Voice from the Field:
Recognizing and Nurturing Gifted Potential

Bertie Kingore, Ph.D.


Some people like to say that all children are gifted. Actually, all children are a gift but only some children exhibit gifted potential when learning. Gifted potential means a child learns at a faster pace (with minimum repetition) and a higher level (with more complex and in-depth ideas). Children with gifted potential are not more valued; they just learn differently and need nurturing to experience continuous learning.


What Gifted Potential Looks and Sounds Like

Your observations regarding students' learning responses in your classroom provide a long-term view of each child's potential. Young children with gifted-potential intensely and frequently demonstrate behaviors that are beyond age-expectation in three or four of the following categories.

  • Advanced language.
    Children with gifted potential unassumingly use verbal comparisons and words with multiple syllables, such as the four-year old who explained: I know that seems obvious...
  • Analytical thinking.
    They surprise us with the complex, in-depth insights and relationships they express: If we just took it apart, I bet we would find...
  • Meaning motivation.
    They are little experts who know more than many adults about one or more topics.
  • Perspective.
    They interpret what influences or motivates others: What he meant was... They often draw from an unusual angle, such as a bird's-eye view or the view from behind a person.
  • Sense of humor.
    They laugh at humorous incidents that peers do not understand, such as the young child who winked at his teacher when the other children did not understand the teacher's humor.
  • Sensitivity.
    They verbally or nonverbally exhibit intense concern for human and animal issues and want action taken to correct the problem. A young gifted child's face may reveal empathy for a character in a read-aloud story or for a peer in the classroom.
  • Accelerated learning.
    They often master a new skill with unusual speed.

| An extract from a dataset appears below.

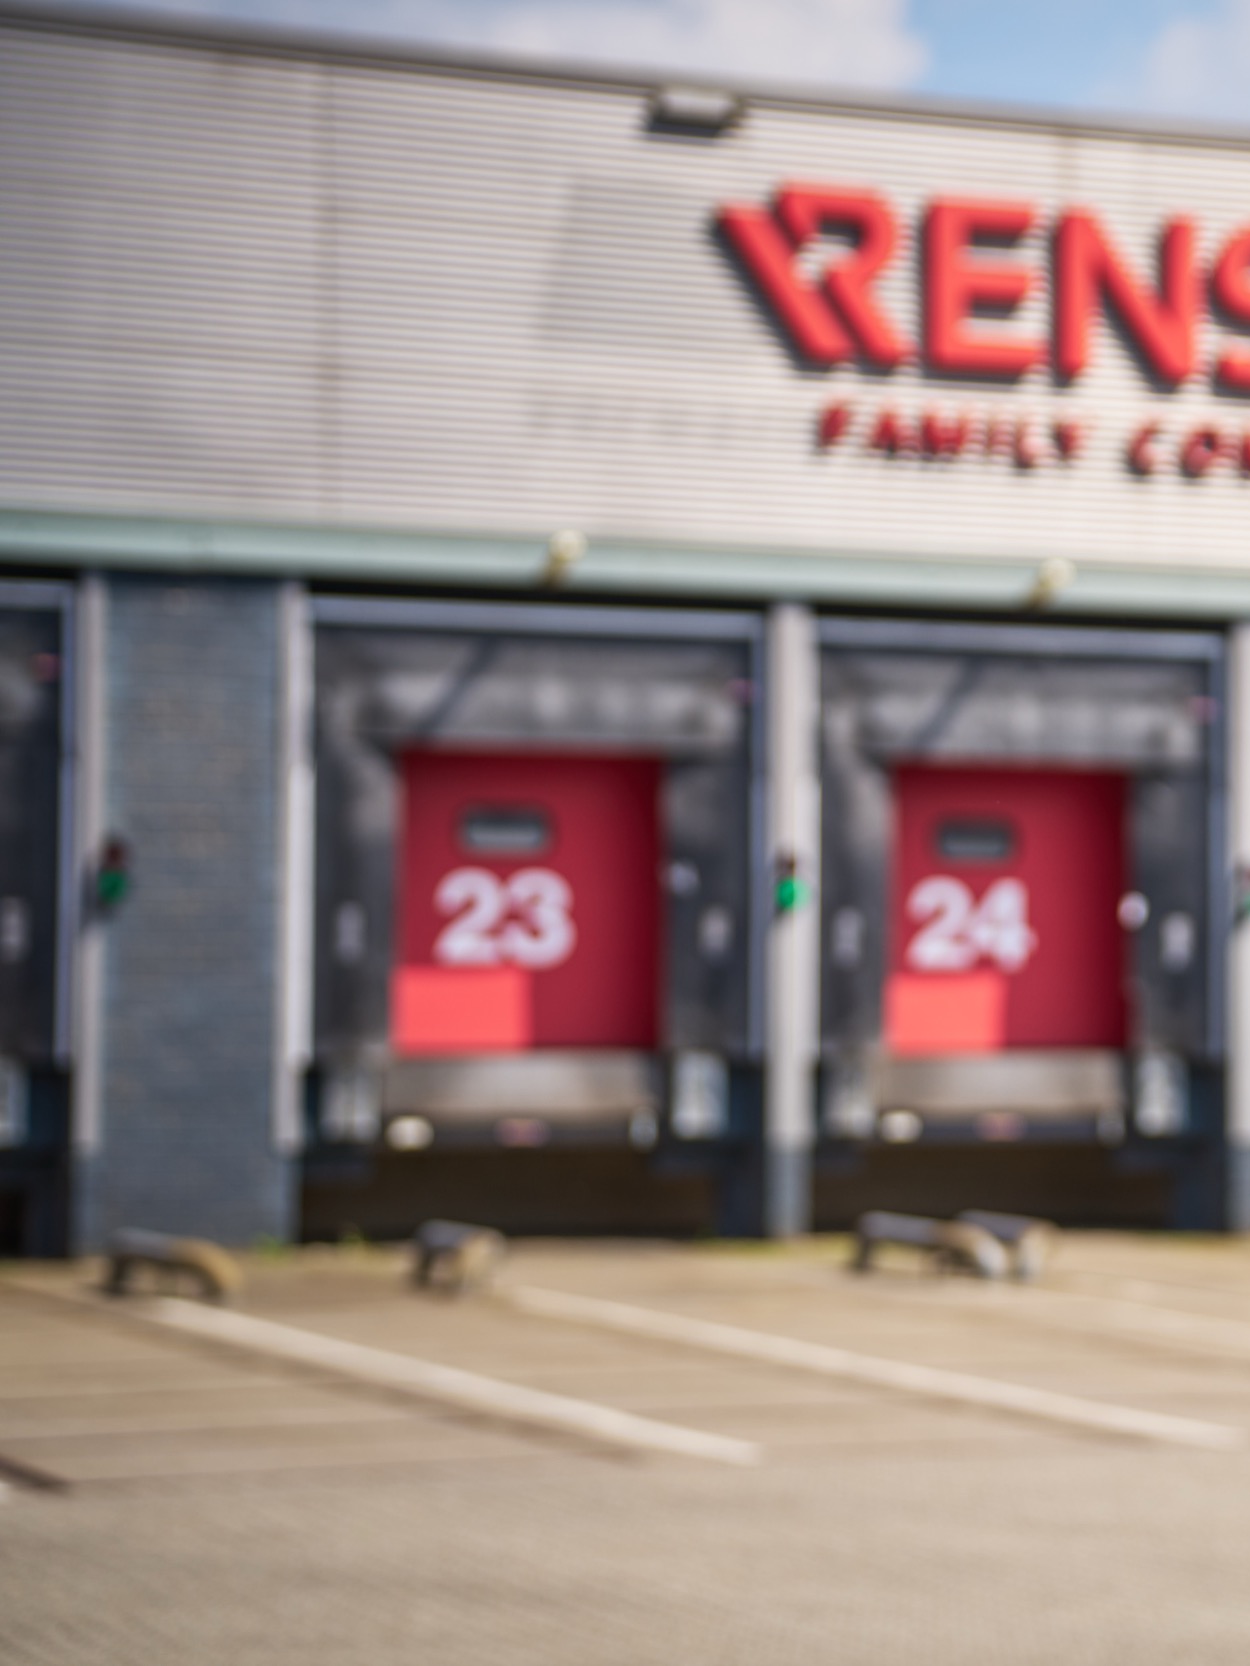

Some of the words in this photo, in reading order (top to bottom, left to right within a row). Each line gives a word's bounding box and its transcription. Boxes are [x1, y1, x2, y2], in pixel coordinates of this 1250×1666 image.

Particularly watch for unexpected math applications since math talent is less influenced by cultural or language differences. A bilingual kindergartner asked his teacher: Tell me about the numbers that come before zero. I know they call them 'negative.'

Identifying Advanced Potential

  • Do not fear that some children are just environmentally enriched. Something within the child enabled the environmental nurturing to work. Keep extending that learning.
  • Children of poverty and diverse cultures are successful learners whose environments provided different experiences than the opportunities for literacy development we seek in school. Offer a wide-range of rich learning opportunities and watch which children bubble up over time.
    --Read aloud well-crafted stories and discuss characters, their motivations, and inferences such a: What might happen if...
    --Talk up to children. Use interesting words in a meaningful context and encourage children to use those words.
  • Over time, collect products to document the high-level behaviors you observe and to substantiate that advanced children continue to progress rather than remain at one level waiting for others to catch up.
  • Listen to parents. Children may demonstrate at home some skills that are not prompted at school.


Classroom Suggestions
  • Call on advanced children proportionately to other students. They should not dominate class discussions nor should they be ignored. All children need our acceptance and encouragement.
  • Provide fast-paced instruction. Children with advanced potential learn well and stay more mentally engaged with minimum repetition of skills and concepts.
  • As children work, talk with them about what they are doing to provide a window to their high-level thinking.
    --How did you figure that out?
    --What is another way to do that?
  • Young gifted children often want to talk with adults not because they can't socially fit in with their age-mates but because they seek idea-mates who understand what they are interested in discussing. They enjoy someone who gets their jokes!
  • Advanced children's heads are often ahead of their hands. They experience frustration when their writing or drawing cannot express what they want to say.
    --Listen to their ideas as often as you can.
    --Scribe for them sometimes.
    --Let them use a tape recorder to orally record their ideas.
    --Arrange for them to work with an aide or older student for brief times.
  • Acquire a range of materials for every segment of learning you plan. When students demonstrate understanding at one level, enable them to continue learning rather than repeatedly practice what they already know. Ask a librarian or media specialist to help.
  • Provide non-fiction materials. Advanced readers have a voracious appetite for reading about their interests.
  • Use different peer learning groups. Gifted students need to work with other advanced students some times, with a mixed-range of learners some times, and by themselves some times.
  • Encourage and honor diverse ideas rather than expect only simple, right-answer responses:
    --Tell me what you mean?
    --Why do you think that?


___________ References ___________

Kingore, B. (2005). Assessment: Time-saving procedures for busy teachers, 3rd ed. Austin: Professional Associates Publishing.

Kingore, B., Ed. (2002). Reading strategies for advanced primary readers. Austin: Texas Education Agency.

Kingore, B. (2005). Voice from the field: Recognizing and nurturing gifted potential. In Morrison, G. Early Childhood Education Today, 10th ed. Upper Saddle River, NJ: Pearson Education.